• _Aim of the task_: Every single entry must be restated word for word.

[Free-text object descriptions]
= = = = =

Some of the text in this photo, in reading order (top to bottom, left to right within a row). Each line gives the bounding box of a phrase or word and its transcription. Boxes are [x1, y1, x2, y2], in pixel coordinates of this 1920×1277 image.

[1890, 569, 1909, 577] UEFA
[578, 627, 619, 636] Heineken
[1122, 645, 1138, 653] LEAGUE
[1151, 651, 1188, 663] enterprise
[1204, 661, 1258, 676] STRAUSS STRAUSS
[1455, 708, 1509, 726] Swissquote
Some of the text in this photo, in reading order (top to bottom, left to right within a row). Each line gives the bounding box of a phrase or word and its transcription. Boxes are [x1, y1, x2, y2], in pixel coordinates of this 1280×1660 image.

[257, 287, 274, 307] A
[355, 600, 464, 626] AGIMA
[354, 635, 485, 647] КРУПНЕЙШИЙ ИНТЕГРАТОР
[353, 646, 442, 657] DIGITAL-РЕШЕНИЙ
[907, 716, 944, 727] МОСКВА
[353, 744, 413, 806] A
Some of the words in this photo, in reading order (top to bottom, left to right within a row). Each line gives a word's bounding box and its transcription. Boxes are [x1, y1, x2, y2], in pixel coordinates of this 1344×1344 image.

= = = = =

• _Task answer_:
Some of the text in this photo, in reading order (top to bottom, left to right within a row). Each line gives the bounding box of a phrase or word and its transcription. Boxes are [x1, y1, x2, y2], in pixel coordinates of this 1920×1277 image.

[1890, 569, 1909, 577] UEFA
[578, 627, 619, 636] Heineken
[1122, 645, 1138, 653] LEAGUE
[1151, 651, 1188, 663] enterprise
[1204, 661, 1258, 676] STRAUSS STRAUSS
[1455, 708, 1509, 726] Swissquote
Some of the text in this photo, in reading order (top to bottom, left to right within a row). Each line gives the bounding box of a phrase or word and its transcription. Boxes are [x1, y1, x2, y2], in pixel coordinates of this 1280×1660 image.

[257, 287, 274, 307] A
[355, 600, 464, 626] AGIMA
[354, 635, 485, 647] КРУПНЕЙШИЙ ИНТЕГРАТОР
[353, 646, 442, 657] DIGITAL-РЕШЕНИЙ
[907, 716, 944, 727] МОСКВА
[353, 744, 413, 806] A
Some of the words in this photo, in reading order (top to bottom, left to right within a row). Each line gives a word's bounding box and its transcription. Boxes are [x1, y1, x2, y2], in pixel coordinates of this 1344×1344 image.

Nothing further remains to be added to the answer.